Ainsi, en sélectionnant le bon champ de domaines et de sous-domaines, le déclarant pourra être rassuré sur l’affectation d’un expert spécialiste de son domaine de recherche.
Pour gérer et animer son réseau d’experts externes, le MESRI organise différents événements et a mis en place un système d’entraide. Nos contacts nous confirment que l’animation du réseau est bien faite, avec un esprit constructif et relativement bienveillant.
Les experts indépendants bénéficient de formations et mises à niveau régulières. Celles-ci ont lieu lors de conférences, à Paris ou en région. Des envois réguliers de documentation sont également proposés, notamment sur la réglementation fiscale et sa mise à jour.
Par ailleurs, le MESRI dispose d’une équipe d’experts « internes » qui agissent en tant que référents, notamment sur des fonctions de conseil, médiation, suivi, etc. Ces experts référents ont pour mission de surveiller le bon déroulement des expertises scientifiques du CIR et éventuellement de soutenir et conseiller les experts mandatés.
La motivation des experts
Selon la complexité des dossiers, l’expérience de l’expert et le domaine de recherche, la rémunération moyenne tourne autour de 300 à 800 € par expertise réalisée.
Nos interlocuteurs insistent sur le fait que les experts ne sont pas motivés par l’argent. Il s’agit plutôt de fonctionnaires qui ont le sens de l’utilisation des ressources publiques et ont à cœur de défendre les intérêts de l’institution.
Globalement, il y a une vraie différence d’état d’esprit entre l’administration fiscale, qui est là pour surveiller, contrôler et éventuellement punir, et les experts du MESRI, qui sont dans une démarche de bienveillance. Leur rôle vise à la préservation et la pérennisation d’un dispositif qui a beaucoup d’impact et qui participe à la croissance de milliers d’entreprises chaque année.
L’affectation des experts à l’étude des dossiers
L’administration et le MESRI ne publient pas de chiffres officiels sur le nombre d’expertises CIR réalisées. Selon les informations obtenues, le MESRI aurait réalisé l’an dernier près de 800 contrôles dont une quarantaine pour de grands comptes. Les experts traitent également les Agréments Recherche, pour environ 2 000 expertises, les rescrits CIR, estimés à 200, et les rescrits JEI, estimés à 700.
Avec près de 25 000 entreprises déclarantes, le MESRI n’est pas en mesure d’expertiser l’ensemble des dossiers. De ce constat, il y a donc un quota d’expertise fixé par le MESRI à l’administration fiscale.
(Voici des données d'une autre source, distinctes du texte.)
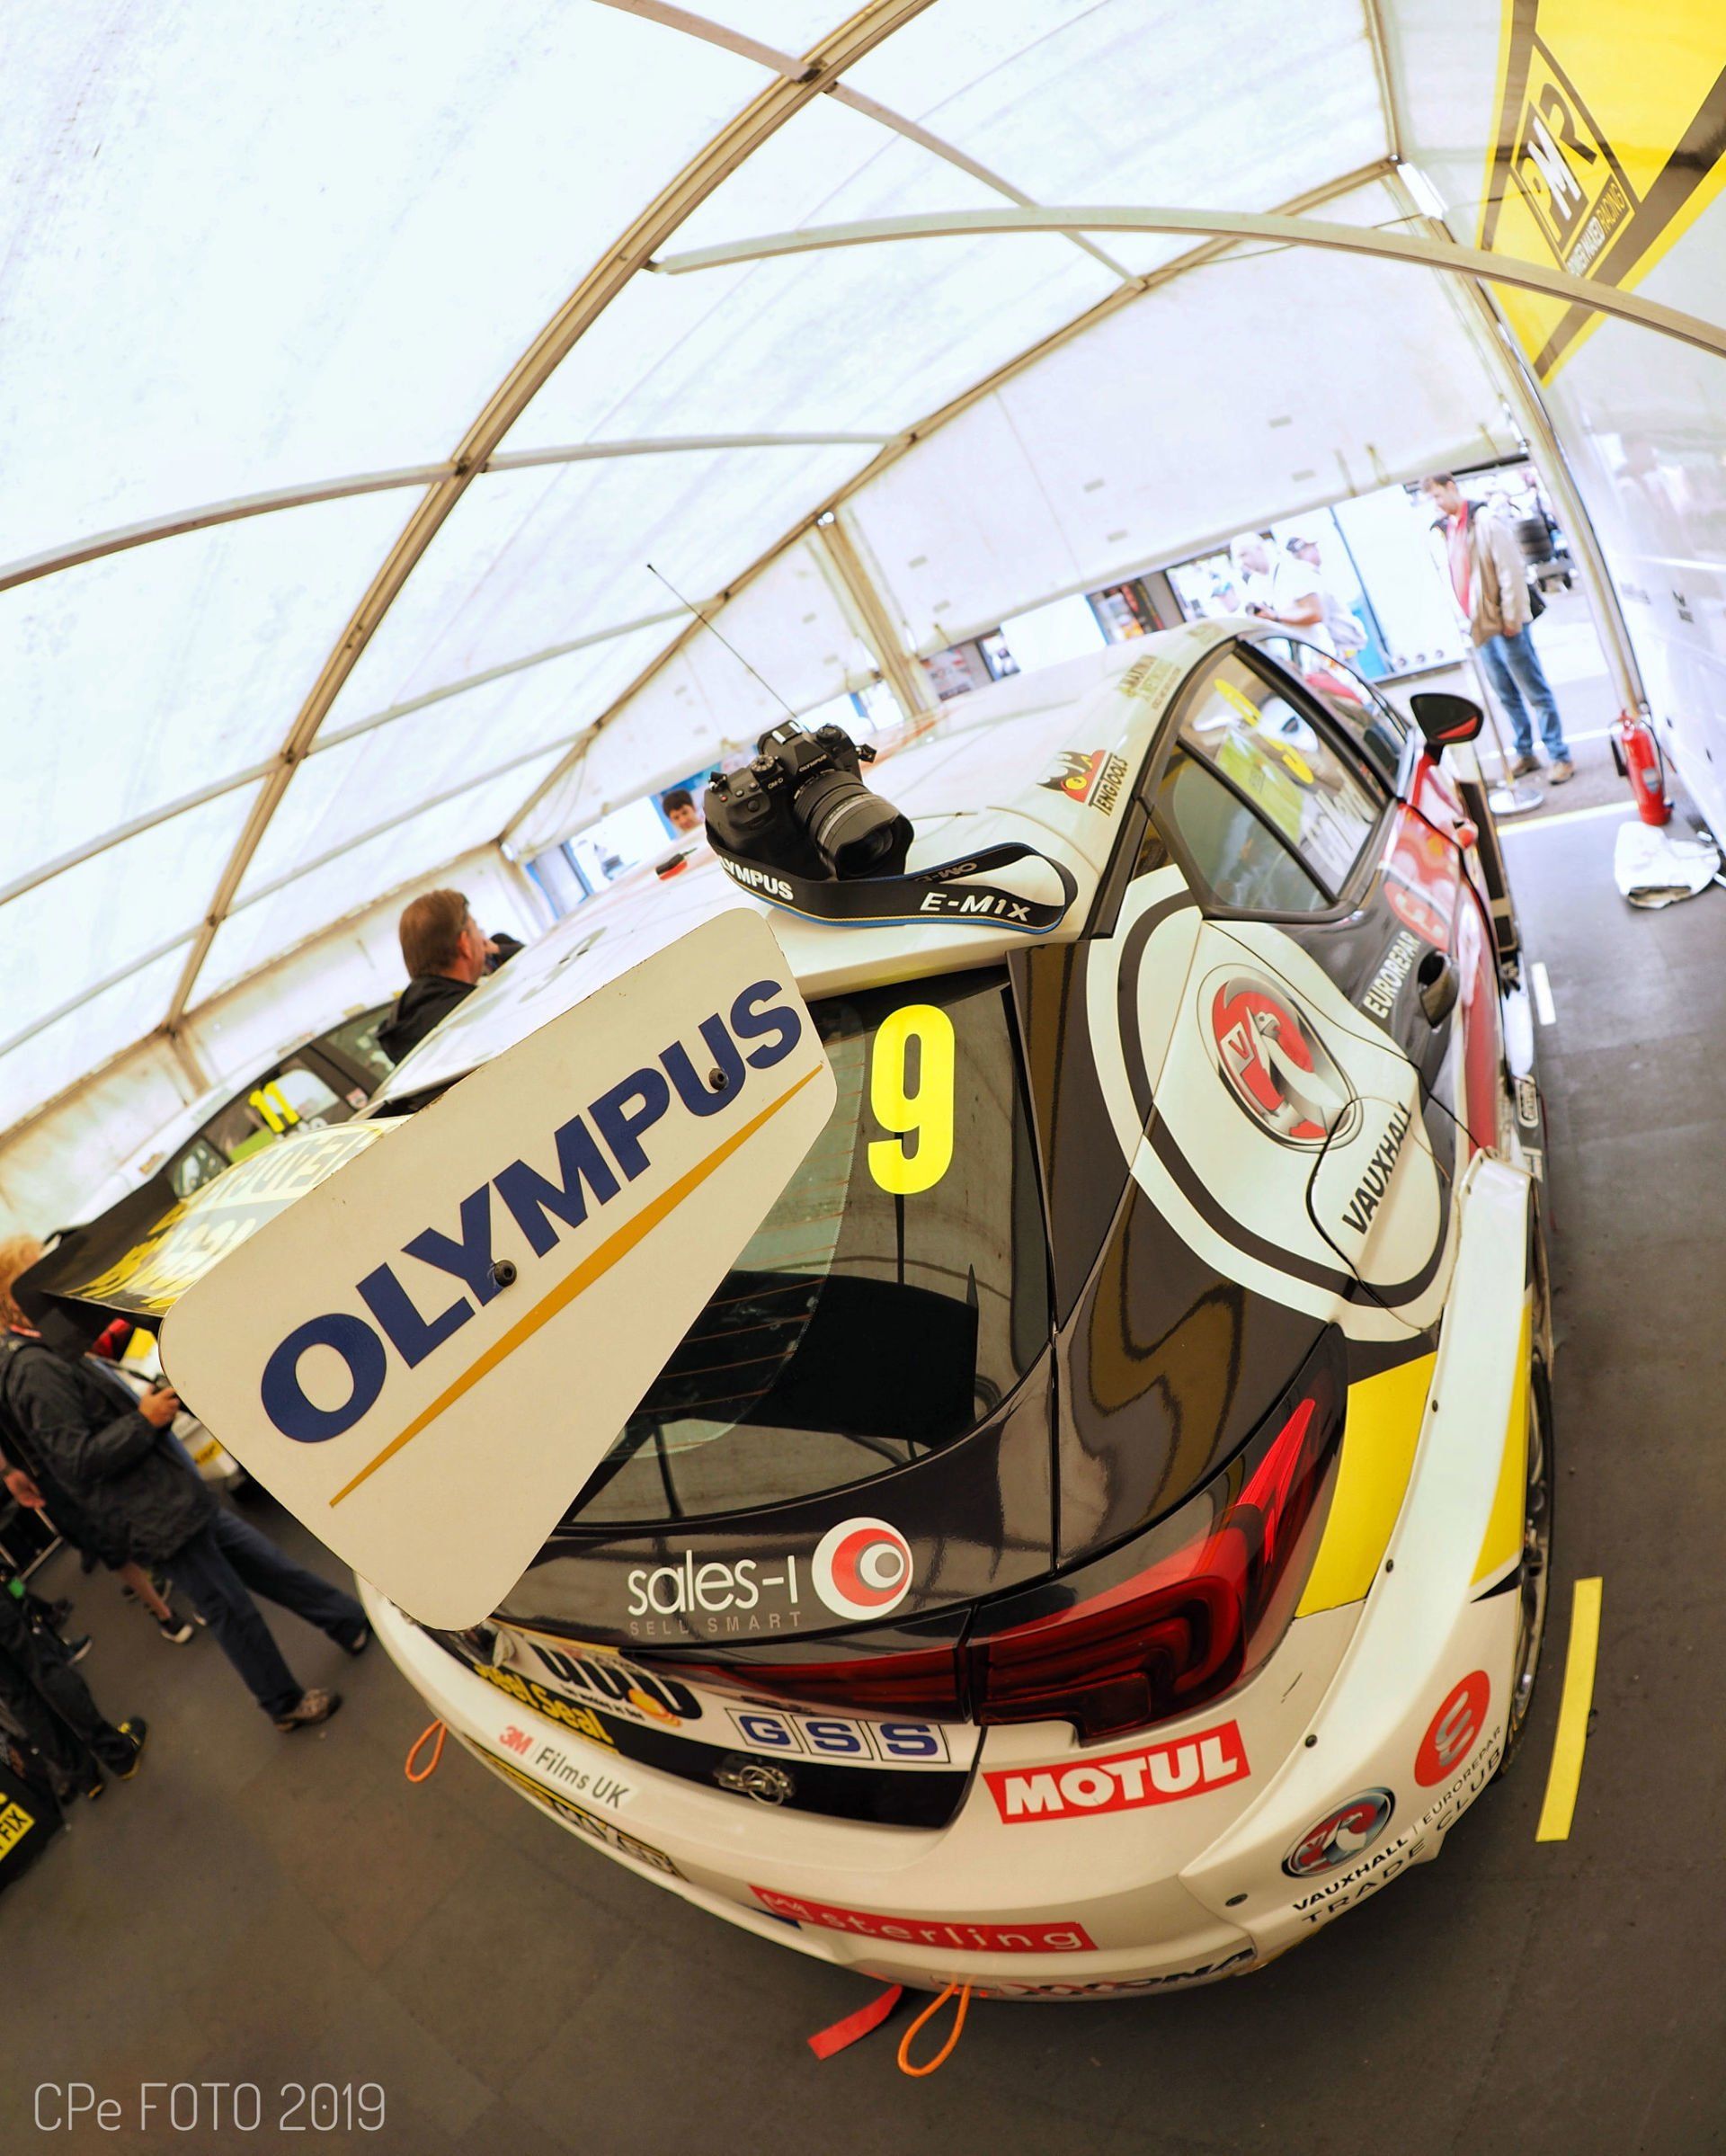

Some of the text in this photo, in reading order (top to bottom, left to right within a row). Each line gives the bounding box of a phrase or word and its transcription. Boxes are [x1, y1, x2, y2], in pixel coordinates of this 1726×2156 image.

[718, 855, 795, 901] LYMPUS
[920, 892, 1031, 922] E-M1X
[1362, 931, 1421, 1019] EUROREPAR
[248, 1081, 300, 1134] 11
[867, 1004, 955, 1194] 9
[1341, 1101, 1412, 1235] VAUXHALL
[261, 980, 803, 1443] OLYMPUS
[630, 1611, 801, 1637] SELL SMART
[500, 1725, 534, 1755] 3M
[536, 1746, 591, 1790] Films
[592, 1776, 629, 1809] UK
[739, 1713, 939, 1757] GSS
[1003, 1735, 1240, 1816] MOTUL
[1292, 1724, 1502, 1911] VAUXHALL EUROREPAR
[1301, 1748, 1502, 1925] TRADE CLUB
[820, 1911, 1083, 1950] sterling
En fonction de ce quota, l’administration fiscale communique au MESRI les dossiers à expertiser. Pour l’affectation de l’expert, le MESRI envoie ensuite le « brief » contenant la nature et le volume du projet à une sélection d’experts du domaine. Ceux-ci doivent se positionner honnêtement sur leur capacité à réaliser l’expertise. La principale consigne donnée est de savoir s’ils s’estiment suffisamment à l’aise sur le sujet pour prendre le dossier. Il y a donc une vraie démarche pour affecter judicieusement l’expert afin qu’il y ait un échange et une compréhension commune des enjeux techniques lors de l’expertise scientifique du CIR.
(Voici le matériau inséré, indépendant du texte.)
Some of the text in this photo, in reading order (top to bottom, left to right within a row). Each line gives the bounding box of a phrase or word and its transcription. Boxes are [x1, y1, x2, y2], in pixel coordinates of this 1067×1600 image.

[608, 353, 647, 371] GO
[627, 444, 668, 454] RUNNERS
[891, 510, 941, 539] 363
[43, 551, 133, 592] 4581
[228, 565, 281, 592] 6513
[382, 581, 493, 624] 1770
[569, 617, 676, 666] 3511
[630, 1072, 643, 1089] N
Les délais et outils pour réaliser l’expertise scientifique du CIR
En moyenne, une expertise représente 3 à 4 jours de travail, mais cela dépend surtout de la manière dont a été conçu le dossier. Pour la réaliser, l’expert dispose d’un délai fixé à l’avance, généralement de deux mois.
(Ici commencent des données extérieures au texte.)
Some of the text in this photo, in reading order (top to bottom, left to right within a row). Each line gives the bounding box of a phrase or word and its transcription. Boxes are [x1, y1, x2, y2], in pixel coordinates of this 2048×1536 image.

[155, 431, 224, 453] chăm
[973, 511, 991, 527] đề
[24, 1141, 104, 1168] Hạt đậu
Le temps passé peut varier du simple au triple en fonction de la structuration du dossier, du respect de la trame scientifique, de la présence de pièces jointes, la clarté du discours, etc. L’expert est donc très sensible au soin apporté à la construction du dossier et l’application dans la mise en page. Pour faciliter son travail, il faut que cela soit lisible et pratique à parcourir. Convaincre l’expert mandaté tient donc essentiellement sur le fond, mais la forme peut aider à donner un a priori positif.
En effet, au-delà de l’aspect formel, l’expert est bien entendu très sensible à la description donnée des opérations réalisées : si elle est claire et transparente ou au contraire, si elle tente de dissimuler certaines choses derrière les méandres du discours …
En règle générale, les documents constitutifs du dossier sont transmis par e-mail, ce que préfèrent la majorité des experts. Lorsque les dossiers sont trop volumineux, ils sont transmis par clé USB. Une fois réceptionné, à eux d’indiquer très rapidement si le dossier est complet.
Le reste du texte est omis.